▶ _What you will do_
Apart from the pictures, output all of the records exactly.

▶ _Information given_
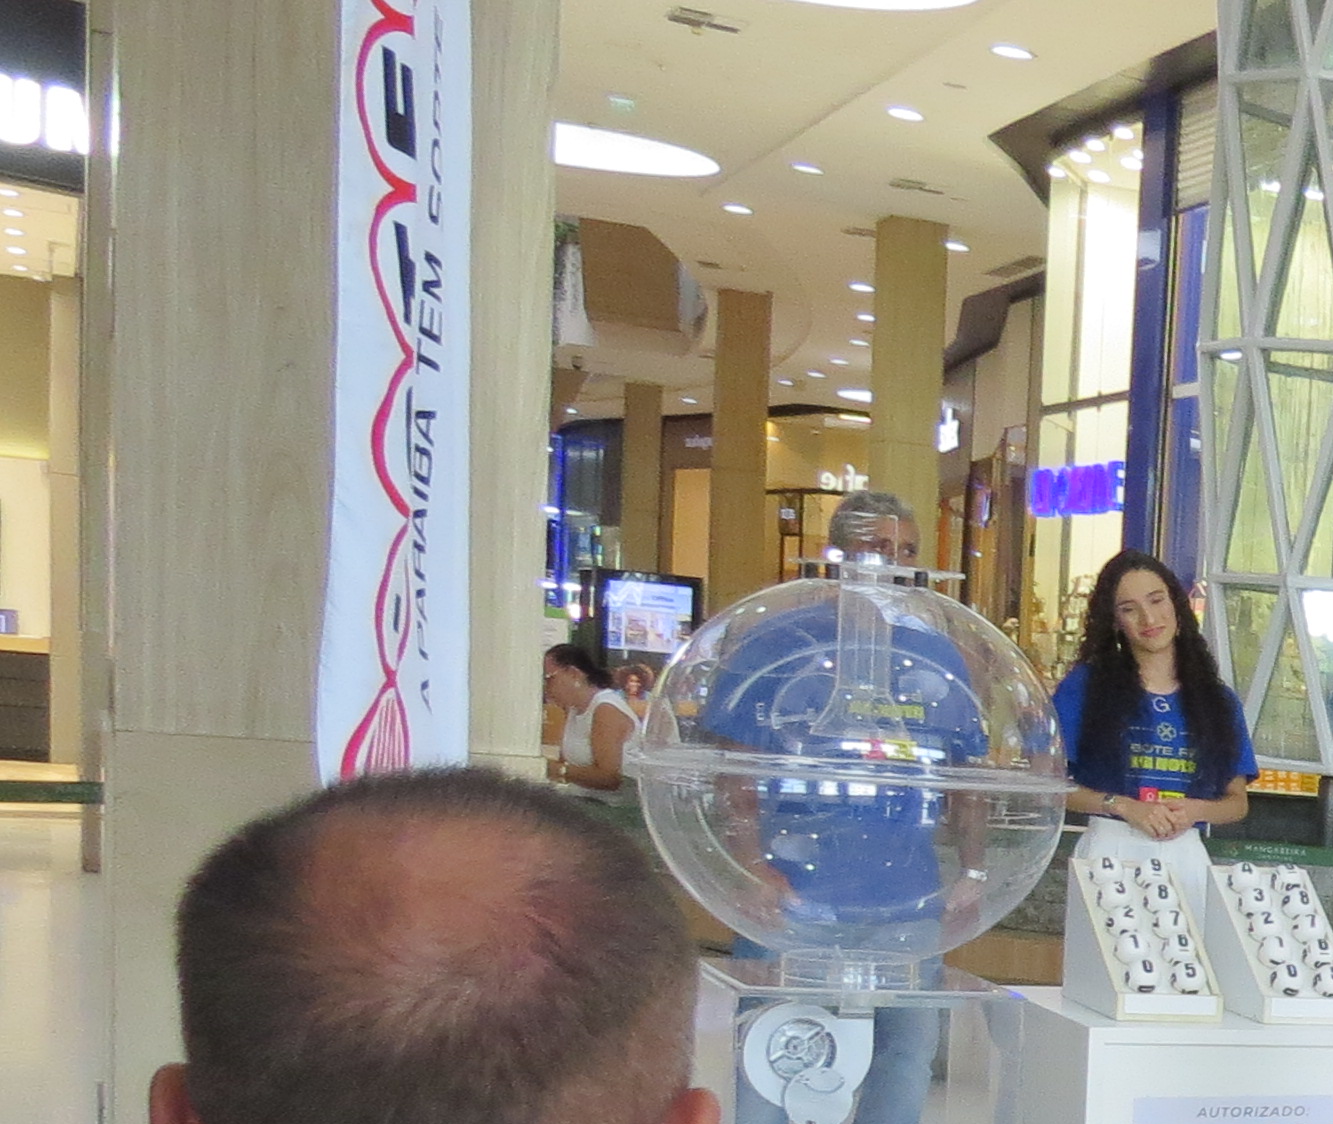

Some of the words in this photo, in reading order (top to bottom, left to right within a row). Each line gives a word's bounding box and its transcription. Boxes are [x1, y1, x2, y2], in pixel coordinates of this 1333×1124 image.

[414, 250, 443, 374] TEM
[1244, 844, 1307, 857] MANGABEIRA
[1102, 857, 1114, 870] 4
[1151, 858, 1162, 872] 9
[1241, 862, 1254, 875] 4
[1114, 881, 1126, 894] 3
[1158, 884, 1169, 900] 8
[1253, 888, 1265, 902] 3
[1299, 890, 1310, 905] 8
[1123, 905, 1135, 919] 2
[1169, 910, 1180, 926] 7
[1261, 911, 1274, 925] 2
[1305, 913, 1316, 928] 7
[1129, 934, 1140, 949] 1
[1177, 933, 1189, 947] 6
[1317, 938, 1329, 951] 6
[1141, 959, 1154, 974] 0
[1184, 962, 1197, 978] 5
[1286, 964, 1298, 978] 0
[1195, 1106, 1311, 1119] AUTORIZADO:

▶ _Solution to this problem_
Some of the words in this photo, in reading order (top to bottom, left to right within a row). Each line gives a word's bounding box and its transcription. Boxes are [x1, y1, x2, y2], in pixel coordinates of this 1333×1124 image.

[414, 250, 443, 374] TEM
[1244, 844, 1307, 857] MANGABEIRA
[1102, 857, 1114, 870] 4
[1151, 858, 1162, 872] 9
[1241, 862, 1254, 875] 4
[1114, 881, 1126, 894] 3
[1158, 884, 1169, 900] 8
[1253, 888, 1265, 902] 3
[1299, 890, 1310, 905] 8
[1123, 905, 1135, 919] 2
[1169, 910, 1180, 926] 7
[1261, 911, 1274, 925] 2
[1305, 913, 1316, 928] 7
[1129, 934, 1140, 949] 1
[1177, 933, 1189, 947] 6
[1317, 938, 1329, 951] 6
[1141, 959, 1154, 974] 0
[1184, 962, 1197, 978] 5
[1286, 964, 1298, 978] 0
[1195, 1106, 1311, 1119] AUTORIZADO:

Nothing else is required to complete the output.